Ever since its discovery in 2004, graphene has been revolutionizing the field of materials science and beyond. Graphene comprises two-dimensional sheets of carbon atoms, bonded into a thin hexagonal shape with a thickness of one atom layer. This gives it remarkable physical and chemical properties. Despite its thinness, graphene is incredibly strong, lightweight, flexible, and transparent. It also exhibits extraordinary electrical and thermal conductivity, high surface area, and impermeability to gasses. From high-speed transistors to biosensors, it boasts an unrivaled versatility in applications.

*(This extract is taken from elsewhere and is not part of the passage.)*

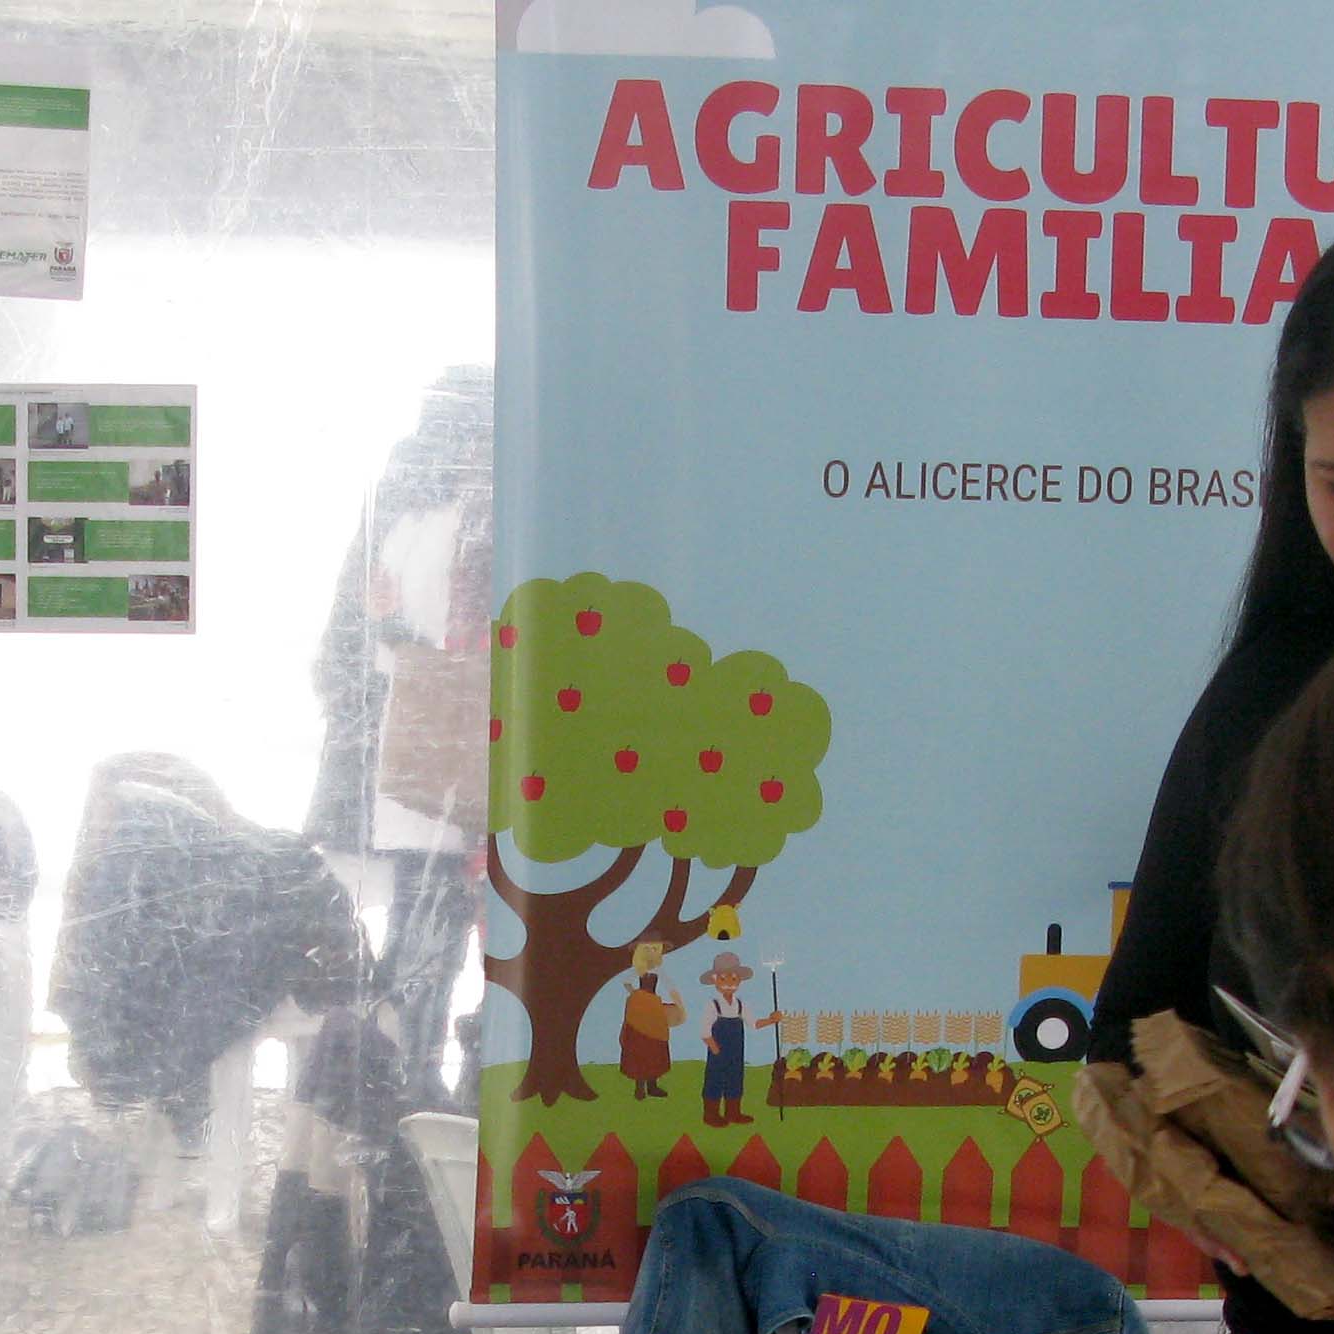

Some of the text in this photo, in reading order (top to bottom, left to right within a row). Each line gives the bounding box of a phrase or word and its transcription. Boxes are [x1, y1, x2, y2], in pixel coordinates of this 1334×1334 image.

Nanocellular graphene (NCG) is a specialized form of graphene that achieves a large specific surface area by stacking multiple layers of graphene and controlling its internal structure with a nanoscale cellular morphology.

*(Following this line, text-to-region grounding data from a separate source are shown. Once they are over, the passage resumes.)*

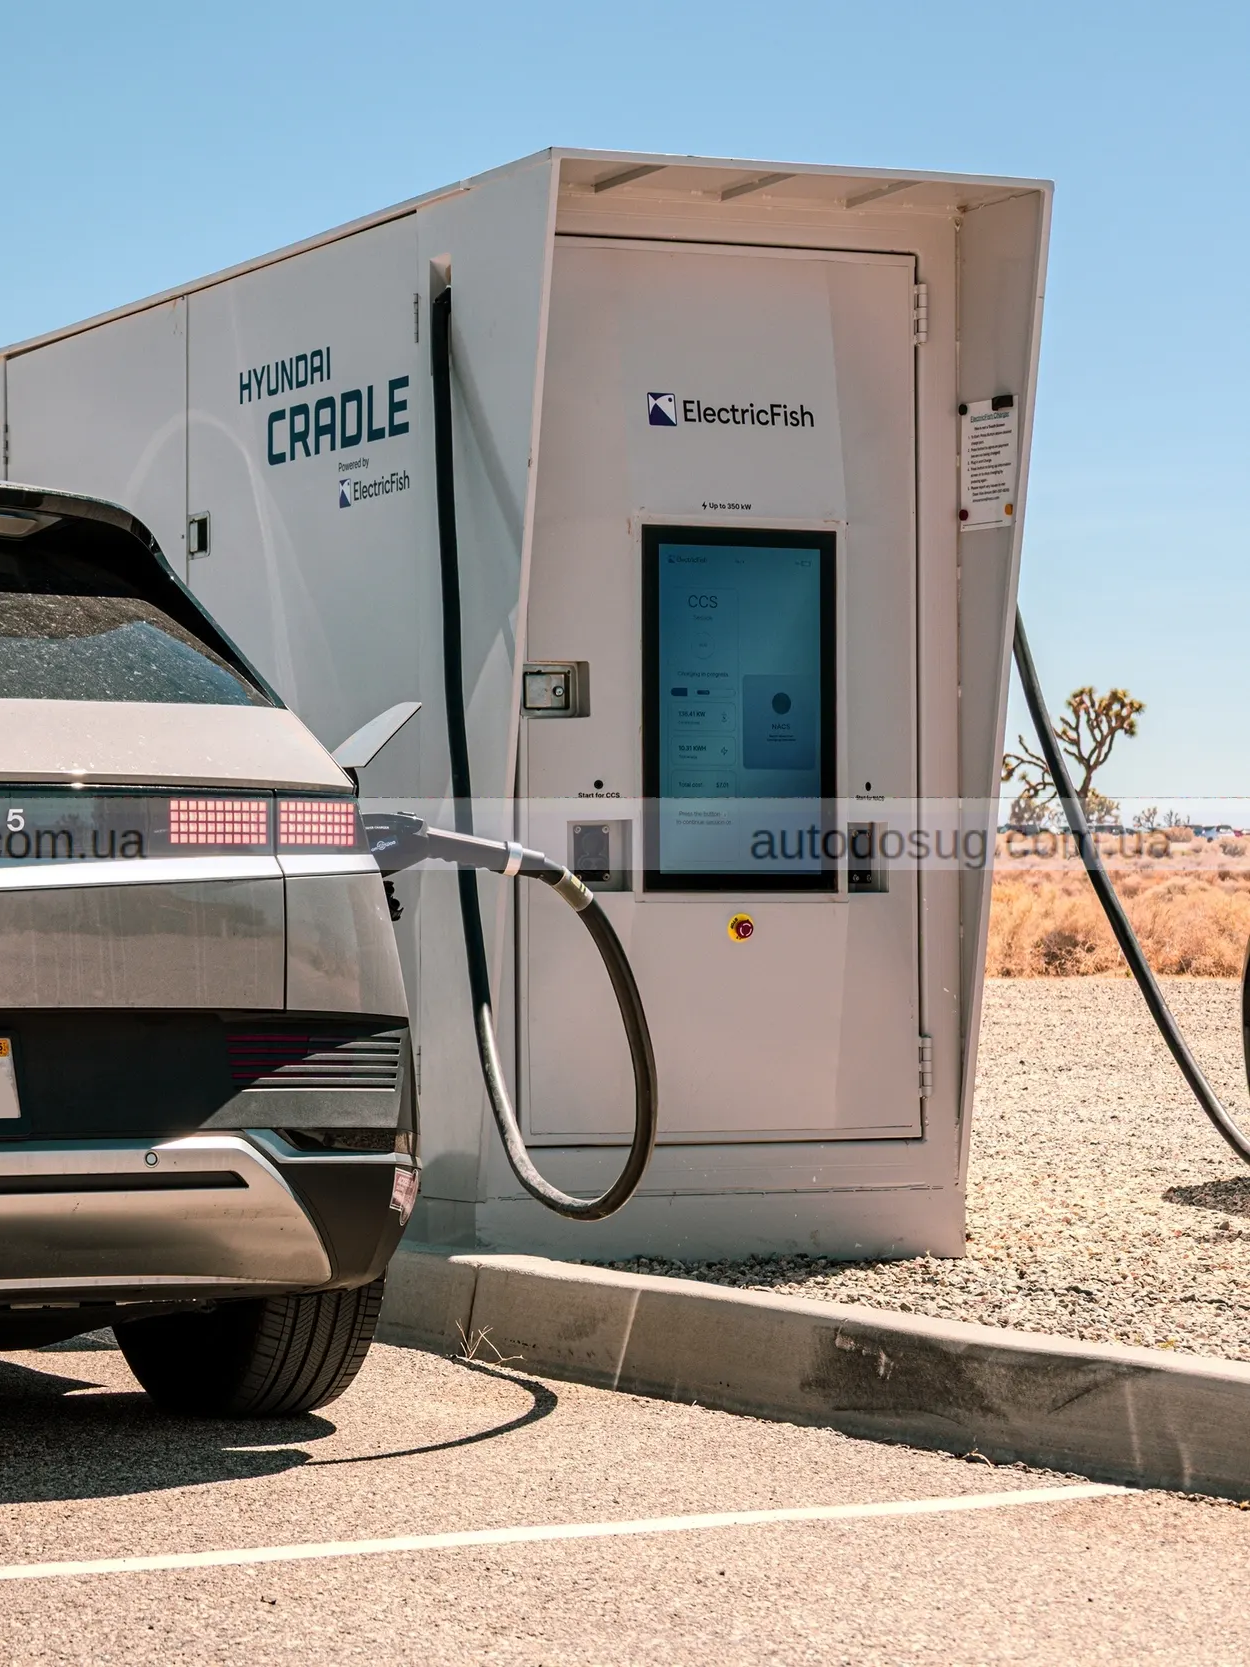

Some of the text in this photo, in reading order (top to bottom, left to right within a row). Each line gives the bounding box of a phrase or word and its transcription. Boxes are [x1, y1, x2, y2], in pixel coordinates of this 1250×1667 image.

[239, 346, 331, 405] HYUNDAI
[267, 375, 410, 466] CRADLE
[682, 399, 815, 427] ElectricFish
[338, 457, 370, 473] Powered by
[353, 470, 410, 502] ElectricFish
[708, 502, 719, 510] Up
[688, 594, 718, 609] CCS
[6, 808, 26, 832] 5

NCG is coveted for its potential to improve the performance of electronic devices, energy devices and sensors. But its development has been stymied by defects that occur during the manufacturing process. Cracks often appear when forming NCG, and scientists are looking for new processing technologies that can fabricate homogeneous, crack-free and seamless NCGs at appropriate scales.
“We discovered that carbon atoms rapidly self-assemble into crack-free NCG during liquid metal dealloying of an amorphous Mn-C precursor in a molten bismuth,” says Won-Young Park, a graduate student at Tohoku University.

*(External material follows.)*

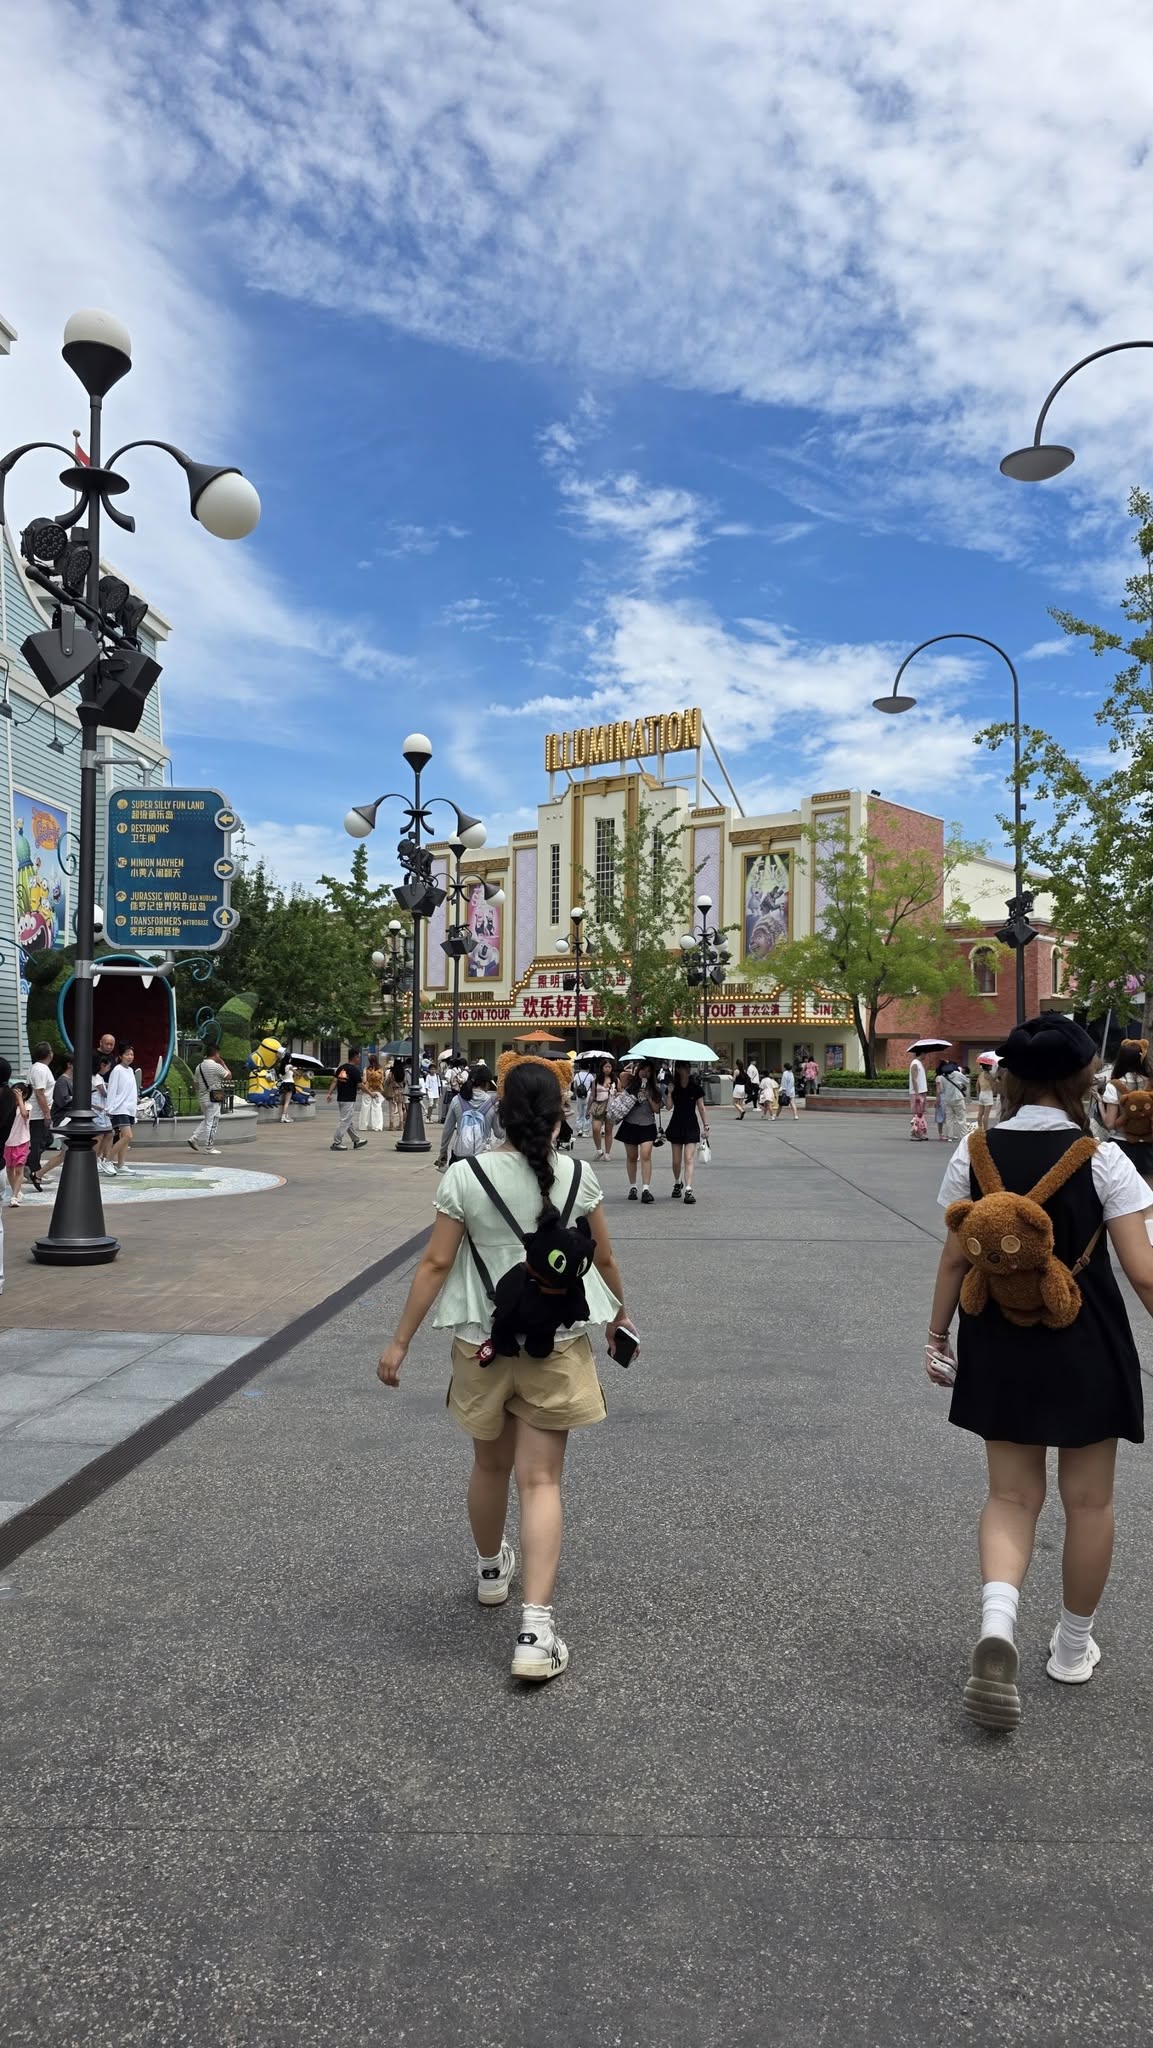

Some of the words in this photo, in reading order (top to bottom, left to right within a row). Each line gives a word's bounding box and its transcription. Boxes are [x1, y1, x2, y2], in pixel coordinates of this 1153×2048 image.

Dealloying is a processing technique that exploits the varying miscibility of alloy components in a molten metal bath. This process selectively corrodes certain components of the alloy while preserving others.
Park and his colleagues demonstrated that NCGs developed by this method exhibited high tensile strength and high conductivity after graphitization. Moreover, they put the material to the test in a sodium-ion battery (SIB).
“We used the developed NCG as an active material and current collector in a SIB, where it demonstrated a high rate, long life and excellent deformation resistance. Ultimately, our method of making crack-free NCG will make it possible to raise the performance and flexibility of SIBs – an alternative technology to lithium-ion batteries for certain applications, particularly in large-scale energy storage and stationary power systems where cost, safety, and sustainability considerations are paramount.”
Working alongside Park was Soo-Hyun Joo from the Institute of Materials Research (currently based at Dankook University) along with Hidemi Kato from the same institute. Details of their research were published in the journal Advanced Materials (“Mechanically Robust Self-Organized Crack-Free Nanocellular Graphene with Outstanding Electrochemical Properties in Sodium Ion Battery”).
Their endeavors were made possible through collaboration with researchers from the Tohoku University’s Frontier Research Institute for Interdisciplinary Sciences and the Fracture and Reliability Research Institute; Pohang University of Science and Technology; and Johns Hopkins University.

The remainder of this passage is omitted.